» **Aim of the task**:
Reproduce the whole listing exactly and let no picture into the copy.

» **Input data**:
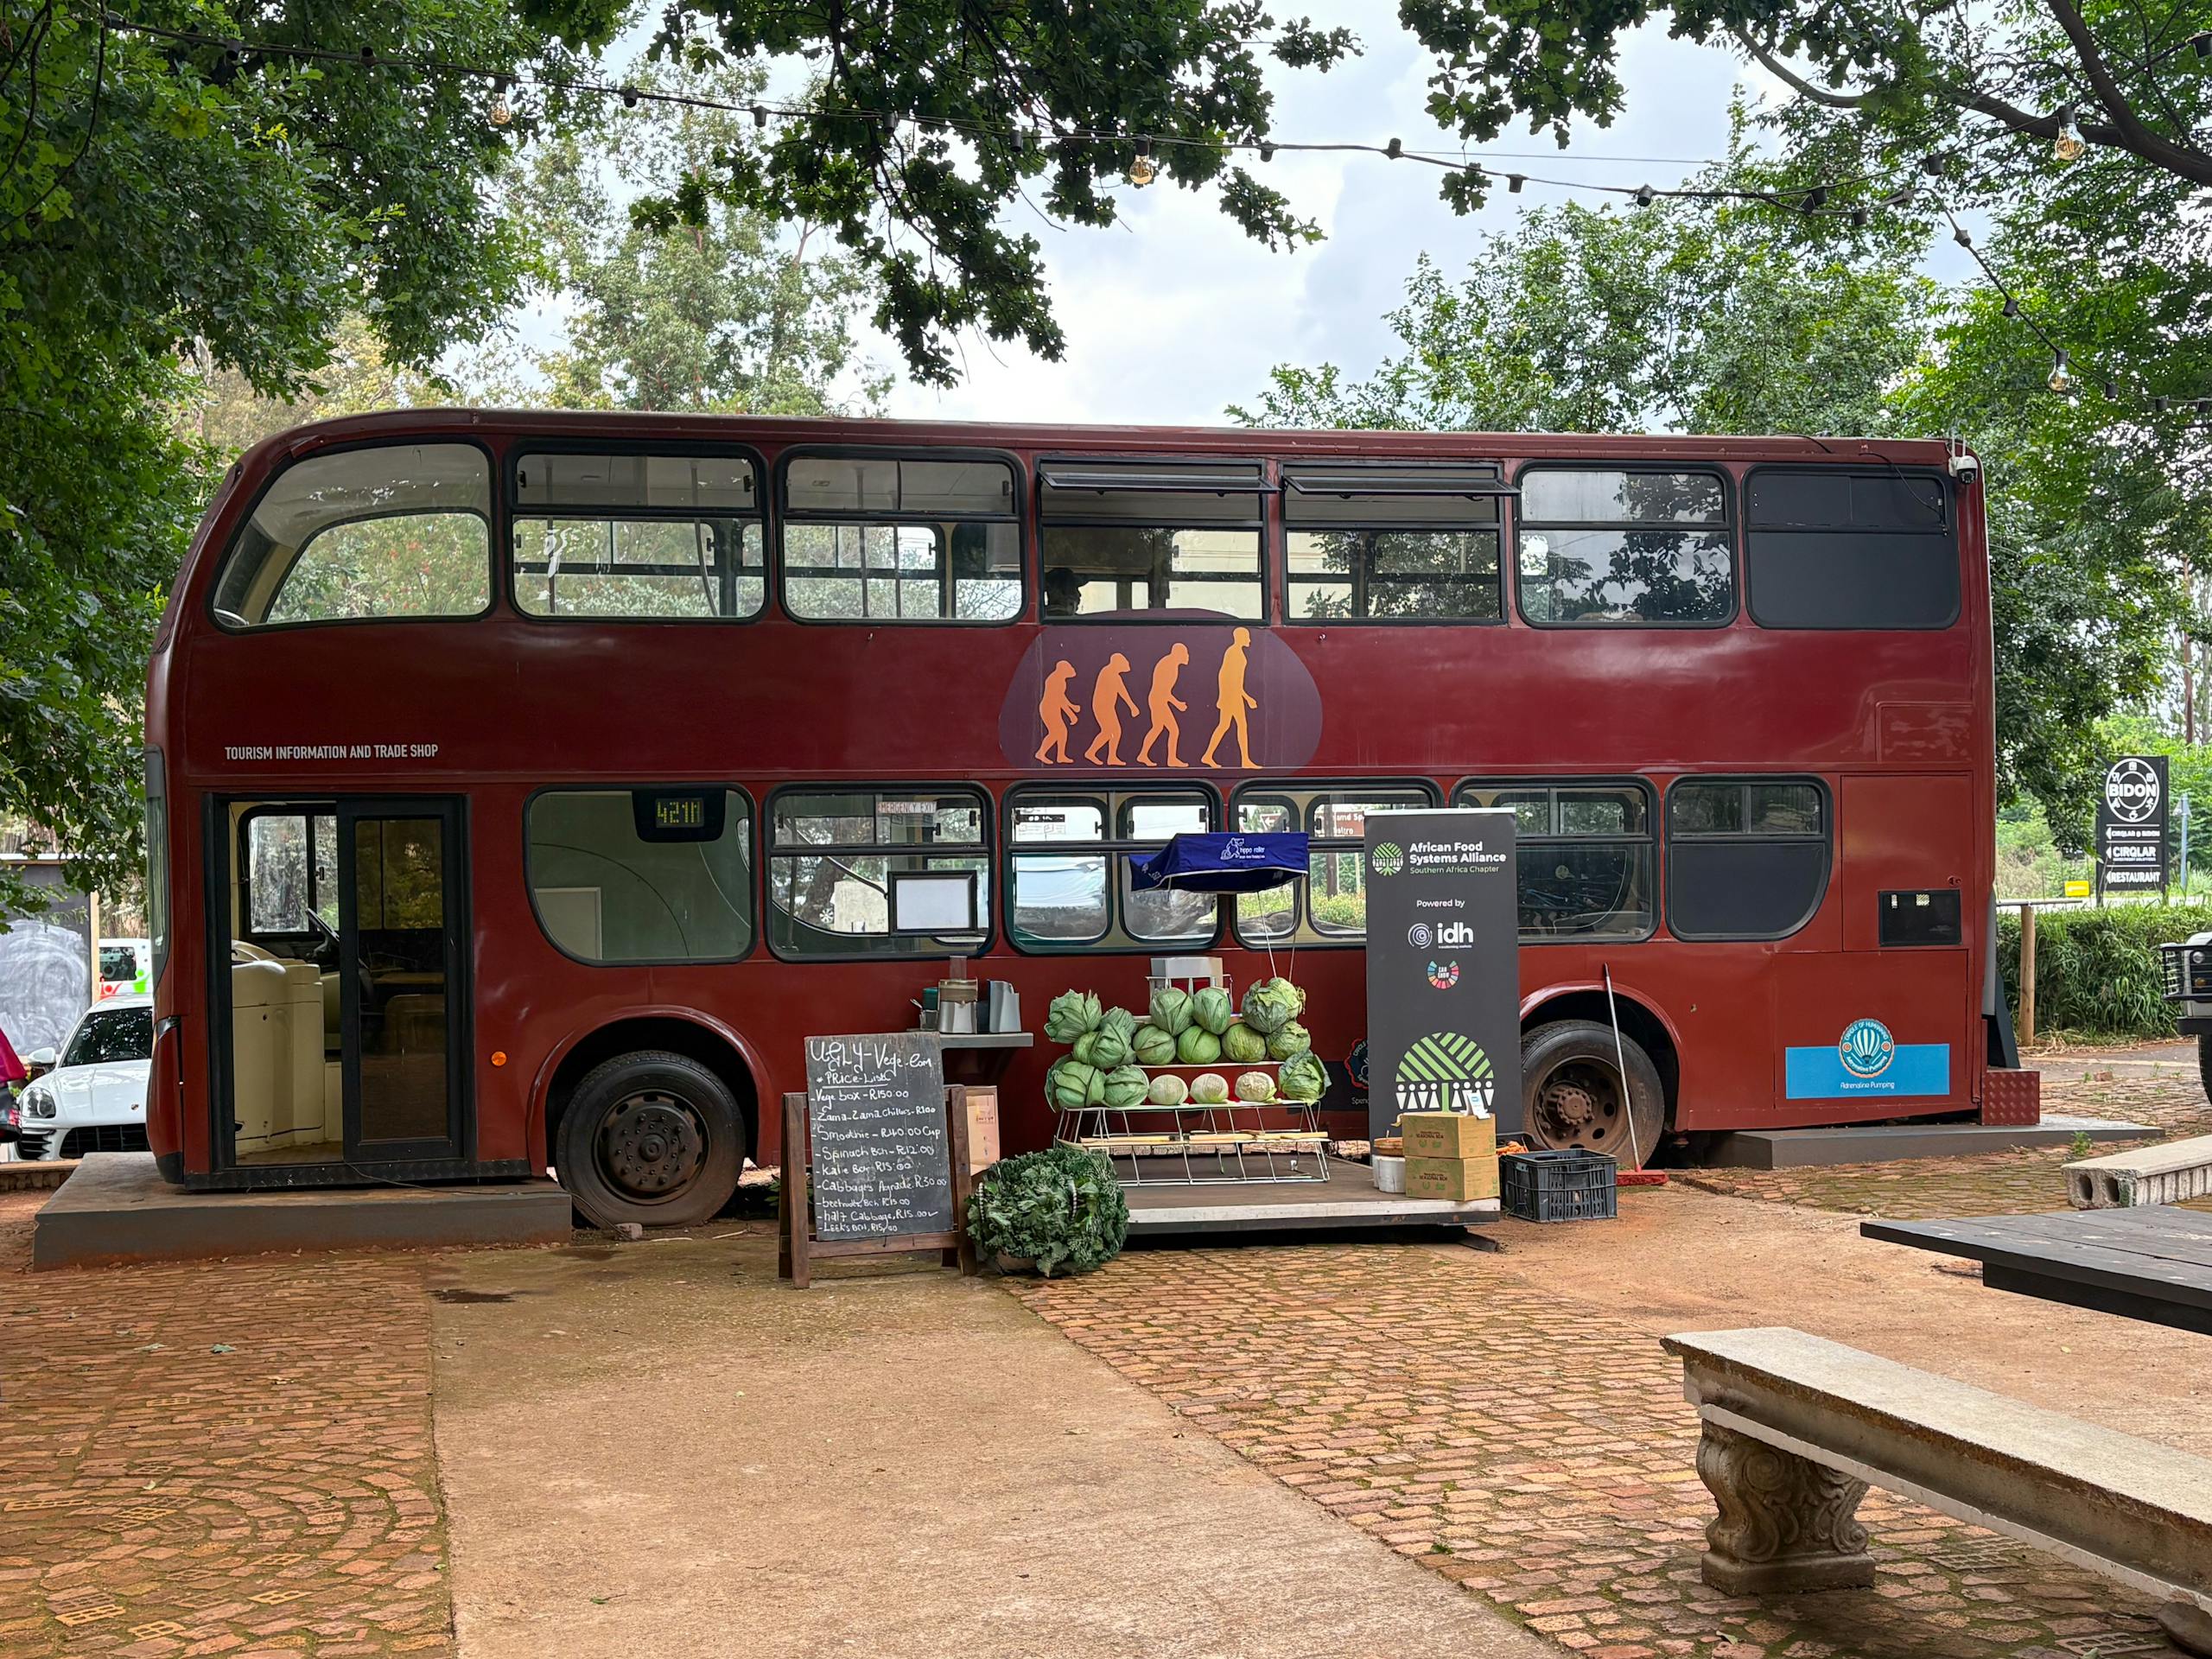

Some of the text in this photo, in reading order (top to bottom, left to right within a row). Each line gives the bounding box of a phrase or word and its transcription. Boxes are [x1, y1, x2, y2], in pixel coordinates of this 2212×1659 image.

[225, 744, 439, 760] TOURISM INFORMATION AND TRADE SHOP
[2108, 784, 2157, 797] BIDON
[877, 802, 936, 813] EMERGENCY EXIT
[1409, 841, 1483, 853] African Food
[2113, 847, 2157, 857] CIRQLAR
[1409, 852, 1506, 866] Systems Alliance
[1470, 866, 1499, 874] Chapter
[2112, 872, 2160, 882] RESTAURANT
[1454, 899, 1465, 908] by
[1437, 922, 1474, 944] idh
[839, 1090, 861, 1100] box
[922, 1126, 941, 1140] Cup
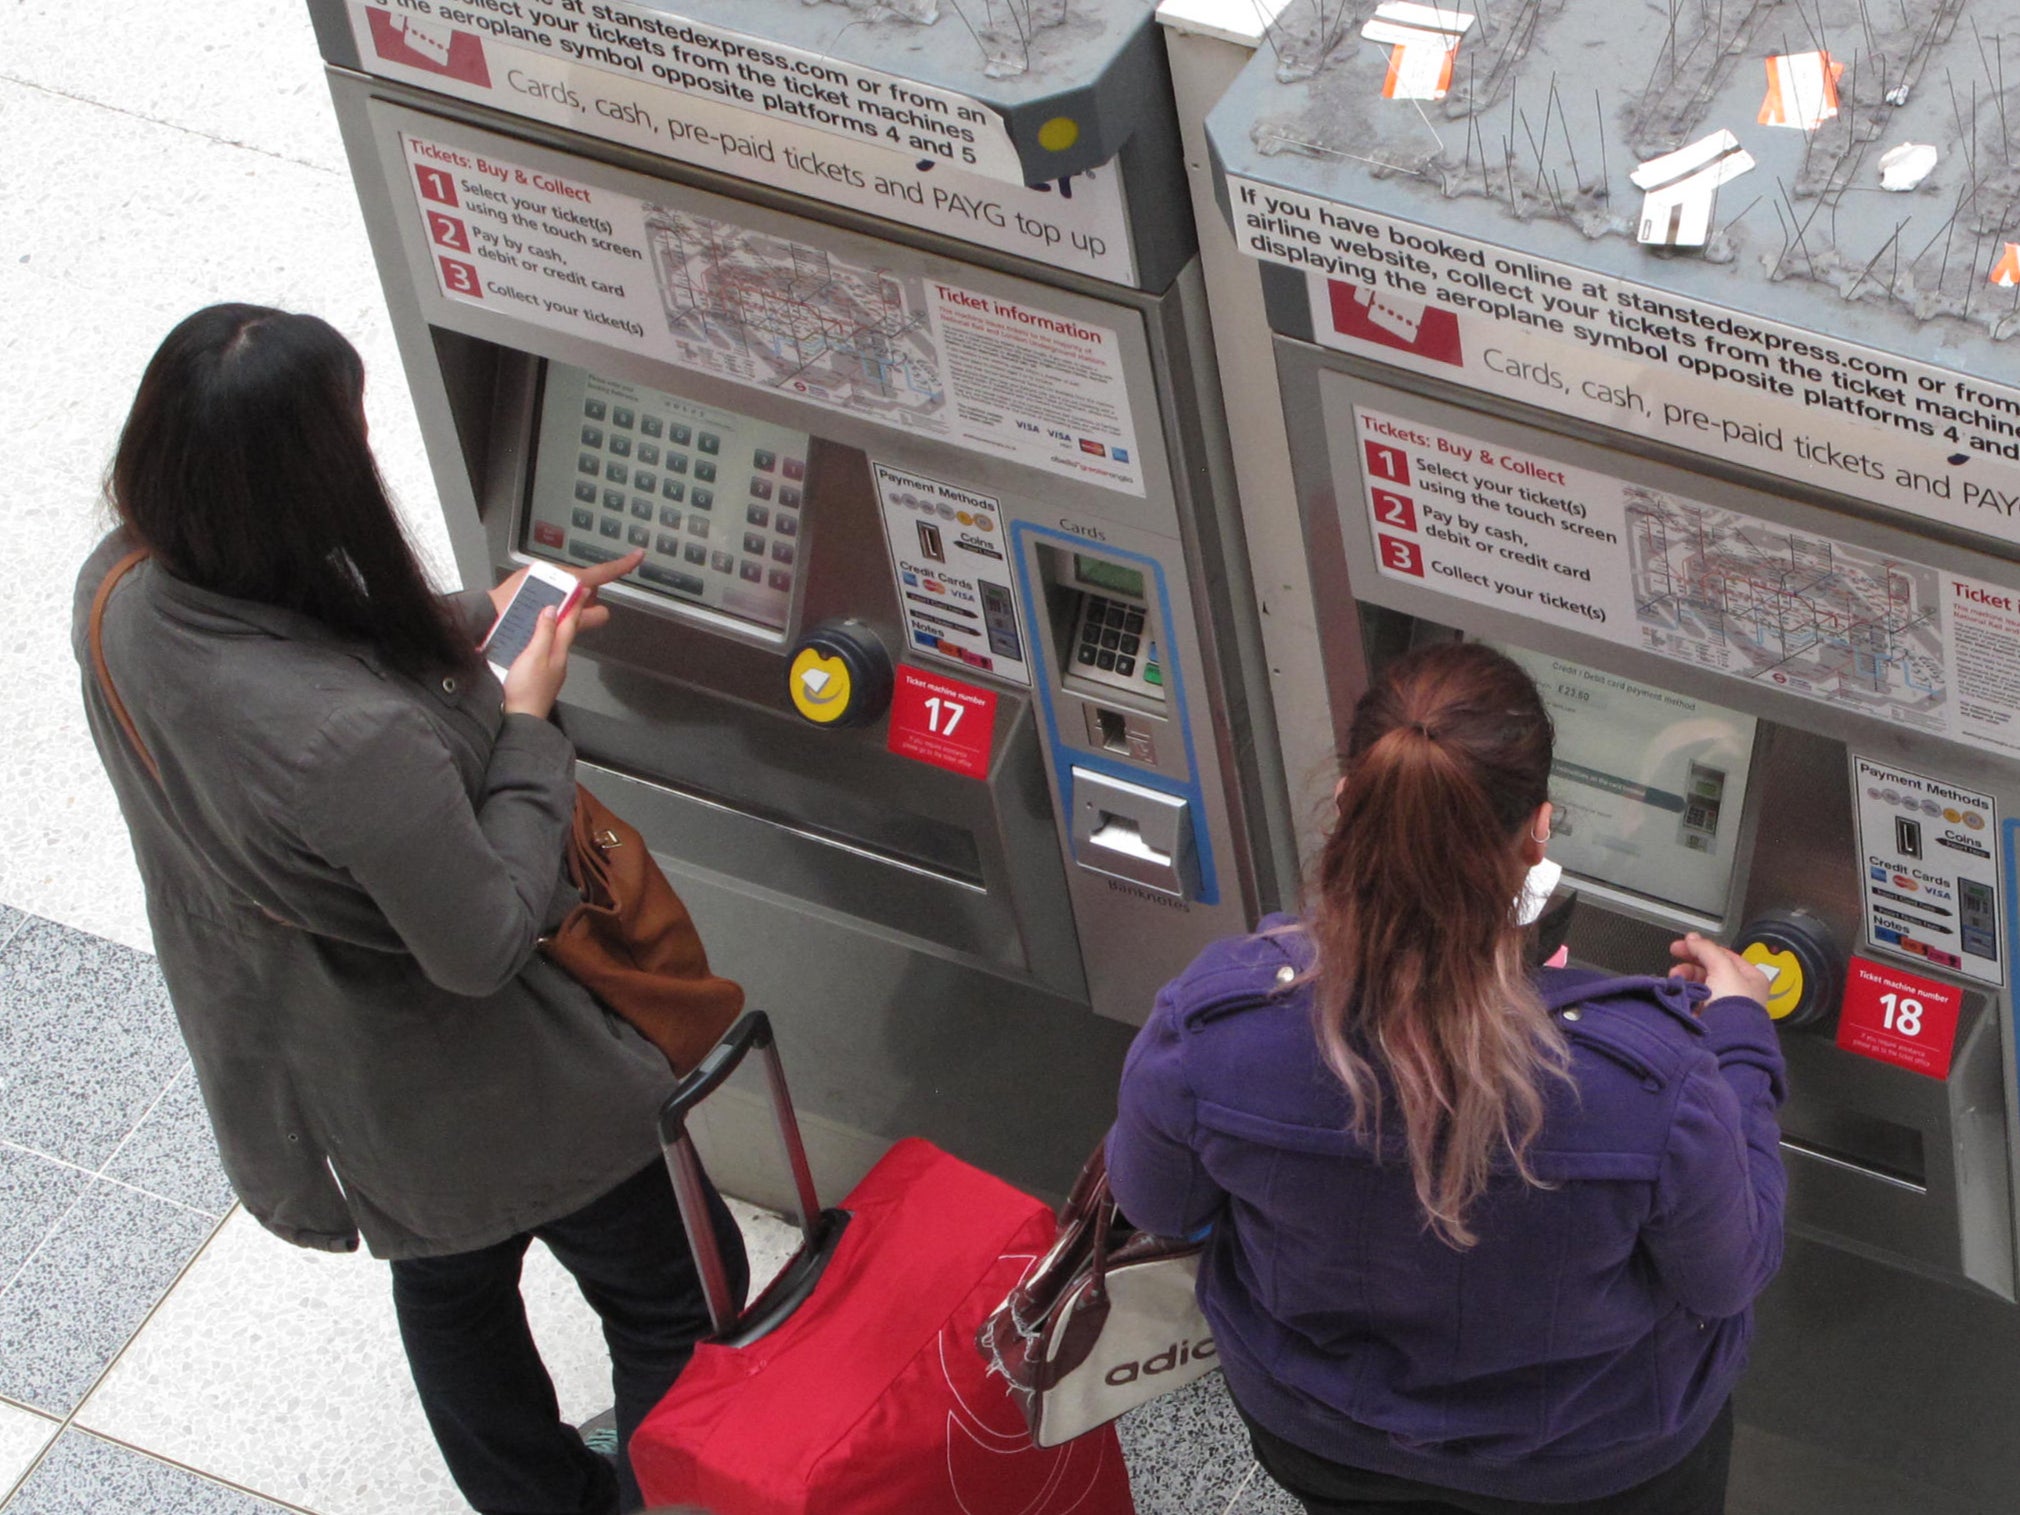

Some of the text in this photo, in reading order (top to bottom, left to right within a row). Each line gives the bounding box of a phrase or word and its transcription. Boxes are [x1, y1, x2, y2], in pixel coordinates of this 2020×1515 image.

[439, 5, 553, 47] aeroplane
[559, 38, 644, 73] symbol
[651, 63, 755, 103] opposite
[762, 93, 879, 137] platforms
[885, 125, 901, 144] 4
[908, 135, 954, 159] and
[961, 145, 977, 165] 5
[528, 9, 580, 34] your
[586, 21, 666, 58] tickets
[671, 44, 730, 76] from
[736, 62, 776, 88] the
[782, 75, 851, 109] ticket
[857, 99, 975, 143] machines
[561, 0, 987, 126] at stanstedexpress.com or from an
[408, 138, 592, 204] Tickets: Buy & Collect
[429, 173, 444, 199] 1
[507, 69, 1107, 260] Cards, cash, pre-paid tickets and PAYG top up
[460, 178, 613, 237] Select your ticket(s)
[438, 218, 460, 246] 2
[465, 200, 643, 261] using the touch screen
[471, 225, 568, 266] Pay by cash,
[450, 264, 470, 291] 3
[477, 244, 626, 298] debit or credit card
[486, 280, 645, 339] Collect your ticket(s)
[934, 284, 990, 313] Ticket
[993, 300, 1102, 345] information
[1240, 185, 2020, 417] If you have booked online at stanstedexpress.com or from
[1246, 212, 1322, 245] airline
[1329, 235, 1438, 280] website,
[1446, 268, 1534, 304] collect
[1541, 293, 1600, 320] your
[1607, 308, 1697, 348] tickets
[1704, 335, 1770, 369] from
[1777, 355, 1823, 383] the
[1830, 370, 1907, 407] ticket
[1250, 234, 2020, 461] displaying the aeroplane symbol opposite platforms 4 and
[1360, 414, 1566, 487] Tickets: Buy & Collect
[1483, 348, 2020, 517] Cards, cash, pre-paid tickets and PAY
[1377, 450, 1396, 477] 1
[879, 469, 995, 512] Payment Methods
[1383, 496, 1406, 525] 2
[1415, 457, 1587, 520] Select your ticket(s)
[1059, 518, 1106, 541] Cards
[1419, 479, 1617, 545] using the touch screen
[1422, 504, 1529, 548] Pay by cash,
[960, 532, 994, 549] Coins
[1391, 541, 1412, 569] 3
[1425, 523, 1591, 582] debit or credit card
[900, 560, 973, 590] Credit Cards
[1430, 560, 1607, 624] Collect your ticket(s)
[1952, 581, 2011, 611] Ticket
[911, 620, 944, 637] Notes
[924, 697, 965, 736] 17
[1860, 763, 1989, 810] Payment Methods
[1945, 830, 1982, 848] Coins
[1869, 856, 1951, 888] Credit Cards
[1924, 886, 1951, 900] VISA
[1108, 879, 1190, 914] Banknotes
[1873, 915, 1910, 934] Notes
[1859, 970, 1949, 1003] Ticket machine number
[1879, 993, 1924, 1037] 18

» **Exercise answer**:
Some of the text in this photo, in reading order (top to bottom, left to right within a row). Each line gives the bounding box of a phrase or word and its transcription. Boxes are [x1, y1, x2, y2], in pixel coordinates of this 2212×1659 image.

[225, 744, 439, 760] TOURISM INFORMATION AND TRADE SHOP
[2108, 784, 2157, 797] BIDON
[877, 802, 936, 813] EMERGENCY EXIT
[1409, 841, 1483, 853] African Food
[2113, 847, 2157, 857] CIRQLAR
[1409, 852, 1506, 866] Systems Alliance
[1470, 866, 1499, 874] Chapter
[2112, 872, 2160, 882] RESTAURANT
[1454, 899, 1465, 908] by
[1437, 922, 1474, 944] idh
[839, 1090, 861, 1100] box
[922, 1126, 941, 1140] Cup

Some of the text in this photo, in reading order (top to bottom, left to right within a row). Each line gives the bounding box of a phrase or word and its transcription. Boxes are [x1, y1, x2, y2], in pixel coordinates of this 2020×1515 image.

[439, 5, 553, 47] aeroplane
[559, 38, 644, 73] symbol
[651, 63, 755, 103] opposite
[762, 93, 879, 137] platforms
[885, 125, 901, 144] 4
[908, 135, 954, 159] and
[961, 145, 977, 165] 5
[528, 9, 580, 34] your
[586, 21, 666, 58] tickets
[671, 44, 730, 76] from
[736, 62, 776, 88] the
[782, 75, 851, 109] ticket
[857, 99, 975, 143] machines
[561, 0, 987, 126] at stanstedexpress.com or from an
[408, 138, 592, 204] Tickets: Buy & Collect
[429, 173, 444, 199] 1
[507, 69, 1107, 260] Cards, cash, pre-paid tickets and PAYG top up
[460, 178, 613, 237] Select your ticket(s)
[438, 218, 460, 246] 2
[465, 200, 643, 261] using the touch screen
[471, 225, 568, 266] Pay by cash,
[450, 264, 470, 291] 3
[477, 244, 626, 298] debit or credit card
[486, 280, 645, 339] Collect your ticket(s)
[934, 284, 990, 313] Ticket
[993, 300, 1102, 345] information
[1240, 185, 2020, 417] If you have booked online at stanstedexpress.com or from
[1246, 212, 1322, 245] airline
[1329, 235, 1438, 280] website,
[1446, 268, 1534, 304] collect
[1541, 293, 1600, 320] your
[1607, 308, 1697, 348] tickets
[1704, 335, 1770, 369] from
[1777, 355, 1823, 383] the
[1830, 370, 1907, 407] ticket
[1250, 234, 2020, 461] displaying the aeroplane symbol opposite platforms 4 and
[1360, 414, 1566, 487] Tickets: Buy & Collect
[1483, 348, 2020, 517] Cards, cash, pre-paid tickets and PAY
[1377, 450, 1396, 477] 1
[879, 469, 995, 512] Payment Methods
[1383, 496, 1406, 525] 2
[1415, 457, 1587, 520] Select your ticket(s)
[1059, 518, 1106, 541] Cards
[1419, 479, 1617, 545] using the touch screen
[1422, 504, 1529, 548] Pay by cash,
[960, 532, 994, 549] Coins
[1391, 541, 1412, 569] 3
[1425, 523, 1591, 582] debit or credit card
[900, 560, 973, 590] Credit Cards
[1430, 560, 1607, 624] Collect your ticket(s)
[1952, 581, 2011, 611] Ticket
[911, 620, 944, 637] Notes
[924, 697, 965, 736] 17
[1860, 763, 1989, 810] Payment Methods
[1945, 830, 1982, 848] Coins
[1869, 856, 1951, 888] Credit Cards
[1924, 886, 1951, 900] VISA
[1108, 879, 1190, 914] Banknotes
[1873, 915, 1910, 934] Notes
[1859, 970, 1949, 1003] Ticket machine number
[1879, 993, 1924, 1037] 18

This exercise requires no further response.